● Exercise directions
Copy out the data in full, keeping each line exactly as it reads.

● Stored data entries
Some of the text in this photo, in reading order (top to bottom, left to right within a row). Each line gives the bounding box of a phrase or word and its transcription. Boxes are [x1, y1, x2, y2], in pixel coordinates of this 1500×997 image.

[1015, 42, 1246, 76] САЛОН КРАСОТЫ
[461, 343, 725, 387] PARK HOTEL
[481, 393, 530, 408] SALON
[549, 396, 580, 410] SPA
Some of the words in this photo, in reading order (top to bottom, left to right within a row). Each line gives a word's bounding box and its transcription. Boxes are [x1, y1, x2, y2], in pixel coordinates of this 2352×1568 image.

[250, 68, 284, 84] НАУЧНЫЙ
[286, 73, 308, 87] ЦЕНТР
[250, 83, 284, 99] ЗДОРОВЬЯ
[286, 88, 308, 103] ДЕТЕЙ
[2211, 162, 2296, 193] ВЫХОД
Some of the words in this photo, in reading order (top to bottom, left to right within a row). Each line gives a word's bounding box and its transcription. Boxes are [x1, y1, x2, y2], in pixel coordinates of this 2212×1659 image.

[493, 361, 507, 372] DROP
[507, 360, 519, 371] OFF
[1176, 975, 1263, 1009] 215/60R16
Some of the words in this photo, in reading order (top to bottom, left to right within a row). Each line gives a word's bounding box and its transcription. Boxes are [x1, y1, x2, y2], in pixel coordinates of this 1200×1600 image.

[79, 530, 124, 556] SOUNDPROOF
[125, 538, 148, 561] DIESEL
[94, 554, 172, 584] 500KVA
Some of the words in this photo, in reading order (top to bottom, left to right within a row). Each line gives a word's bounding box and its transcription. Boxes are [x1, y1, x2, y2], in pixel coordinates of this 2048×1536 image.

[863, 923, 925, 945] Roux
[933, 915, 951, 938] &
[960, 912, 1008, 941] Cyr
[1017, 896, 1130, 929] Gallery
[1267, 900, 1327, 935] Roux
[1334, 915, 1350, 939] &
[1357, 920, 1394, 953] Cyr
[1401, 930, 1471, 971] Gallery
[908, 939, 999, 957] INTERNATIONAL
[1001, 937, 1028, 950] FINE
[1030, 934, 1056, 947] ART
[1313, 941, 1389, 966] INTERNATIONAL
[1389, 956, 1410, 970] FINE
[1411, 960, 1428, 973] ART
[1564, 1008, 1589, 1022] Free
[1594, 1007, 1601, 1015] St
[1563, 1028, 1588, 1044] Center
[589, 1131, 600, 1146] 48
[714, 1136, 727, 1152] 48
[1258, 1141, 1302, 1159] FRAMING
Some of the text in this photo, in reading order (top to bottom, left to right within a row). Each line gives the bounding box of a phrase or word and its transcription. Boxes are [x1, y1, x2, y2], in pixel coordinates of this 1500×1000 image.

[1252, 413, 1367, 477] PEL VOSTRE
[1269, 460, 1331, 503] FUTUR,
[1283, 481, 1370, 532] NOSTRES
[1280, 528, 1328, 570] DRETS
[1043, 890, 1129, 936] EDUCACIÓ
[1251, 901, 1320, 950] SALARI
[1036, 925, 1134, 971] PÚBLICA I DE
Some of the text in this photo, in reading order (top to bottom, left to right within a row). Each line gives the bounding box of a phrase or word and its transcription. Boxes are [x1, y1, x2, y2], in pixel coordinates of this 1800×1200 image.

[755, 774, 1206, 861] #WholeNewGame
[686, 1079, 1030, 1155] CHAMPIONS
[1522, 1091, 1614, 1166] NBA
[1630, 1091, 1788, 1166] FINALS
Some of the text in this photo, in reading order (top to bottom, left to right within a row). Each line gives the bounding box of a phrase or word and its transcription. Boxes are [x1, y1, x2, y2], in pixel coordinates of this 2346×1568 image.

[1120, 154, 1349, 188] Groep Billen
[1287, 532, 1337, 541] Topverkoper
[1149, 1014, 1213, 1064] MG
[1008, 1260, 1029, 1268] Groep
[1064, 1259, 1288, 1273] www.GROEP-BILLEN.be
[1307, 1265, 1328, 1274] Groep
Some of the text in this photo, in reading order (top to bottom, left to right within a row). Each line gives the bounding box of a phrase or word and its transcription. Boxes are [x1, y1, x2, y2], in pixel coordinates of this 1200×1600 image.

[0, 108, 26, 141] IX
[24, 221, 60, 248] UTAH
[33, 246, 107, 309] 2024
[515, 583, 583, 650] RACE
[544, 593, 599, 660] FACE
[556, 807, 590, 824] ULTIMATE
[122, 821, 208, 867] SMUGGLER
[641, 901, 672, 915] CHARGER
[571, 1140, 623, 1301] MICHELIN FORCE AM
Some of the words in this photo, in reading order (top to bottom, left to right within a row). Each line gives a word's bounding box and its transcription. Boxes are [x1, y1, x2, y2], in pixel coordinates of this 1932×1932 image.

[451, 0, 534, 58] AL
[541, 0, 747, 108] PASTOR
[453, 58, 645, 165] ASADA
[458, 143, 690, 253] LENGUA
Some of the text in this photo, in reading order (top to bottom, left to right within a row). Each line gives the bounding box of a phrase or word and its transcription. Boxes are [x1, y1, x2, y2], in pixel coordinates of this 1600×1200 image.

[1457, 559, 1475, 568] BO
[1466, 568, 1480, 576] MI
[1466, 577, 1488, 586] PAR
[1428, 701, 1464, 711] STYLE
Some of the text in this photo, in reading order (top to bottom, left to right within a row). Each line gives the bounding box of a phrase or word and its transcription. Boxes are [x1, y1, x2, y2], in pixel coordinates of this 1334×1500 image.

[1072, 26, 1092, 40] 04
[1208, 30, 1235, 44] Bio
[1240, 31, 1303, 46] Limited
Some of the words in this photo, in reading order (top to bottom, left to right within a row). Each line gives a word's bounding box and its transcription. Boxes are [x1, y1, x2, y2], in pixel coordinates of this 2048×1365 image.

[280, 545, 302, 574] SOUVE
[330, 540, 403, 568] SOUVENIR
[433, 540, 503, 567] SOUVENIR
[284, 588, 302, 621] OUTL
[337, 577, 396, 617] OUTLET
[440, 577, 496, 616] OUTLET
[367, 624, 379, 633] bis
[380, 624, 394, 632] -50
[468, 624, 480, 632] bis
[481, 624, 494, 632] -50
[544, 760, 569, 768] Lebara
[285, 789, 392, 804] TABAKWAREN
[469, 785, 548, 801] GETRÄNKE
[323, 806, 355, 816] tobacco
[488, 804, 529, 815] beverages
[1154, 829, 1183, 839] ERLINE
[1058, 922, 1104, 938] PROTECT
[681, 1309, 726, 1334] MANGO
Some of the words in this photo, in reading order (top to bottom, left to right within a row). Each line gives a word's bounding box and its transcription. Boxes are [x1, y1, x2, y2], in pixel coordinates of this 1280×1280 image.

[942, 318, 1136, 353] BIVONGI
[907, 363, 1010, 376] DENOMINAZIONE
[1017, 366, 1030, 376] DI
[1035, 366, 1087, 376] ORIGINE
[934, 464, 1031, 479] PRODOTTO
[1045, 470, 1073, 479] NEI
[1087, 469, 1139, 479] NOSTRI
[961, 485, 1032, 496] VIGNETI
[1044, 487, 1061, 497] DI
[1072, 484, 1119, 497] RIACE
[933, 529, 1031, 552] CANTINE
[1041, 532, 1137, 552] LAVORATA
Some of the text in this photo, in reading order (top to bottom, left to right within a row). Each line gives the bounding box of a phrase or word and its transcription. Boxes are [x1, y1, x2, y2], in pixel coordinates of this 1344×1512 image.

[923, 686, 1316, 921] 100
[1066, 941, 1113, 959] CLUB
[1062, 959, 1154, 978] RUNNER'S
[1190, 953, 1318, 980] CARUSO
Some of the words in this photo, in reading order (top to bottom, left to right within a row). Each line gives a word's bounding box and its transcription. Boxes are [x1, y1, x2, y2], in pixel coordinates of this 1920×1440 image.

● Response to the exercise
Some of the text in this photo, in reading order (top to bottom, left to right within a row). Each line gives the bounding box of a phrase or word and its transcription. Boxes are [x1, y1, x2, y2], in pixel coordinates of this 1500×997 image.

[1015, 42, 1246, 76] САЛОН КРАСОТЫ
[461, 343, 725, 387] PARK HOTEL
[481, 393, 530, 408] SALON
[549, 396, 580, 410] SPA
Some of the words in this photo, in reading order (top to bottom, left to right within a row). Each line gives a word's bounding box and its transcription. Boxes are [x1, y1, x2, y2], in pixel coordinates of this 2352×1568 image.

[250, 68, 284, 84] НАУЧНЫЙ
[286, 73, 308, 87] ЦЕНТР
[250, 83, 284, 99] ЗДОРОВЬЯ
[286, 88, 308, 103] ДЕТЕЙ
[2211, 162, 2296, 193] ВЫХОД
Some of the words in this photo, in reading order (top to bottom, left to right within a row). Each line gives a word's bounding box and its transcription. Boxes are [x1, y1, x2, y2], in pixel coordinates of this 2212×1659 image.

[493, 361, 507, 372] DROP
[507, 360, 519, 371] OFF
[1176, 975, 1263, 1009] 215/60R16
Some of the words in this photo, in reading order (top to bottom, left to right within a row). Each line gives a word's bounding box and its transcription. Boxes are [x1, y1, x2, y2], in pixel coordinates of this 1200×1600 image.

[79, 530, 124, 556] SOUNDPROOF
[125, 538, 148, 561] DIESEL
[94, 554, 172, 584] 500KVA
Some of the words in this photo, in reading order (top to bottom, left to right within a row). Each line gives a word's bounding box and its transcription. Boxes are [x1, y1, x2, y2], in pixel coordinates of this 2048×1536 image.

[863, 923, 925, 945] Roux
[933, 915, 951, 938] &
[960, 912, 1008, 941] Cyr
[1017, 896, 1130, 929] Gallery
[1267, 900, 1327, 935] Roux
[1334, 915, 1350, 939] &
[1357, 920, 1394, 953] Cyr
[1401, 930, 1471, 971] Gallery
[908, 939, 999, 957] INTERNATIONAL
[1001, 937, 1028, 950] FINE
[1030, 934, 1056, 947] ART
[1313, 941, 1389, 966] INTERNATIONAL
[1389, 956, 1410, 970] FINE
[1411, 960, 1428, 973] ART
[1564, 1008, 1589, 1022] Free
[1594, 1007, 1601, 1015] St
[1563, 1028, 1588, 1044] Center
[589, 1131, 600, 1146] 48
[714, 1136, 727, 1152] 48
[1258, 1141, 1302, 1159] FRAMING
Some of the text in this photo, in reading order (top to bottom, left to right within a row). Each line gives the bounding box of a phrase or word and its transcription. Boxes are [x1, y1, x2, y2], in pixel coordinates of this 1500×1000 image.

[1252, 413, 1367, 477] PEL VOSTRE
[1269, 460, 1331, 503] FUTUR,
[1283, 481, 1370, 532] NOSTRES
[1280, 528, 1328, 570] DRETS
[1043, 890, 1129, 936] EDUCACIÓ
[1251, 901, 1320, 950] SALARI
[1036, 925, 1134, 971] PÚBLICA I DE
Some of the text in this photo, in reading order (top to bottom, left to right within a row). Each line gives the bounding box of a phrase or word and its transcription. Boxes are [x1, y1, x2, y2], in pixel coordinates of this 1800×1200 image.

[755, 774, 1206, 861] #WholeNewGame
[686, 1079, 1030, 1155] CHAMPIONS
[1522, 1091, 1614, 1166] NBA
[1630, 1091, 1788, 1166] FINALS
Some of the text in this photo, in reading order (top to bottom, left to right within a row). Each line gives the bounding box of a phrase or word and its transcription. Boxes are [x1, y1, x2, y2], in pixel coordinates of this 2346×1568 image.

[1120, 154, 1349, 188] Groep Billen
[1287, 532, 1337, 541] Topverkoper
[1149, 1014, 1213, 1064] MG
[1008, 1260, 1029, 1268] Groep
[1064, 1259, 1288, 1273] www.GROEP-BILLEN.be
[1307, 1265, 1328, 1274] Groep
Some of the text in this photo, in reading order (top to bottom, left to right within a row). Each line gives the bounding box of a phrase or word and its transcription. Boxes are [x1, y1, x2, y2], in pixel coordinates of this 1200×1600 image.

[0, 108, 26, 141] IX
[24, 221, 60, 248] UTAH
[33, 246, 107, 309] 2024
[515, 583, 583, 650] RACE
[544, 593, 599, 660] FACE
[556, 807, 590, 824] ULTIMATE
[122, 821, 208, 867] SMUGGLER
[641, 901, 672, 915] CHARGER
[571, 1140, 623, 1301] MICHELIN FORCE AM
Some of the words in this photo, in reading order (top to bottom, left to right within a row). Each line gives a word's bounding box and its transcription. Boxes are [x1, y1, x2, y2], in pixel coordinates of this 1932×1932 image.

[451, 0, 534, 58] AL
[541, 0, 747, 108] PASTOR
[453, 58, 645, 165] ASADA
[458, 143, 690, 253] LENGUA
Some of the text in this photo, in reading order (top to bottom, left to right within a row). Each line gives the bounding box of a phrase or word and its transcription. Boxes are [x1, y1, x2, y2], in pixel coordinates of this 1600×1200 image.

[1457, 559, 1475, 568] BO
[1466, 568, 1480, 576] MI
[1466, 577, 1488, 586] PAR
[1428, 701, 1464, 711] STYLE
Some of the text in this photo, in reading order (top to bottom, left to right within a row). Each line gives the bounding box of a phrase or word and its transcription. Boxes are [x1, y1, x2, y2], in pixel coordinates of this 1334×1500 image.

[1072, 26, 1092, 40] 04
[1208, 30, 1235, 44] Bio
[1240, 31, 1303, 46] Limited
Some of the words in this photo, in reading order (top to bottom, left to right within a row). Each line gives a word's bounding box and its transcription. Boxes are [x1, y1, x2, y2], in pixel coordinates of this 2048×1365 image.

[280, 545, 302, 574] SOUVE
[330, 540, 403, 568] SOUVENIR
[433, 540, 503, 567] SOUVENIR
[284, 588, 302, 621] OUTL
[337, 577, 396, 617] OUTLET
[440, 577, 496, 616] OUTLET
[367, 624, 379, 633] bis
[380, 624, 394, 632] -50
[468, 624, 480, 632] bis
[481, 624, 494, 632] -50
[544, 760, 569, 768] Lebara
[285, 789, 392, 804] TABAKWAREN
[469, 785, 548, 801] GETRÄNKE
[323, 806, 355, 816] tobacco
[488, 804, 529, 815] beverages
[1154, 829, 1183, 839] ERLINE
[1058, 922, 1104, 938] PROTECT
[681, 1309, 726, 1334] MANGO
Some of the words in this photo, in reading order (top to bottom, left to right within a row). Each line gives a word's bounding box and its transcription. Boxes are [x1, y1, x2, y2], in pixel coordinates of this 1280×1280 image.

[942, 318, 1136, 353] BIVONGI
[907, 363, 1010, 376] DENOMINAZIONE
[1017, 366, 1030, 376] DI
[1035, 366, 1087, 376] ORIGINE
[934, 464, 1031, 479] PRODOTTO
[1045, 470, 1073, 479] NEI
[1087, 469, 1139, 479] NOSTRI
[961, 485, 1032, 496] VIGNETI
[1044, 487, 1061, 497] DI
[1072, 484, 1119, 497] RIACE
[933, 529, 1031, 552] CANTINE
[1041, 532, 1137, 552] LAVORATA
Some of the text in this photo, in reading order (top to bottom, left to right within a row). Each line gives the bounding box of a phrase or word and its transcription. Boxes are [x1, y1, x2, y2], in pixel coordinates of this 1344×1512 image.

[923, 686, 1316, 921] 100
[1066, 941, 1113, 959] CLUB
[1062, 959, 1154, 978] RUNNER'S
[1190, 953, 1318, 980] CARUSO
Some of the words in this photo, in reading order (top to bottom, left to right within a row). Each line gives a word's bounding box and its transcription. Boxes are [x1, y1, x2, y2], in pixel coordinates of this 1920×1440 image.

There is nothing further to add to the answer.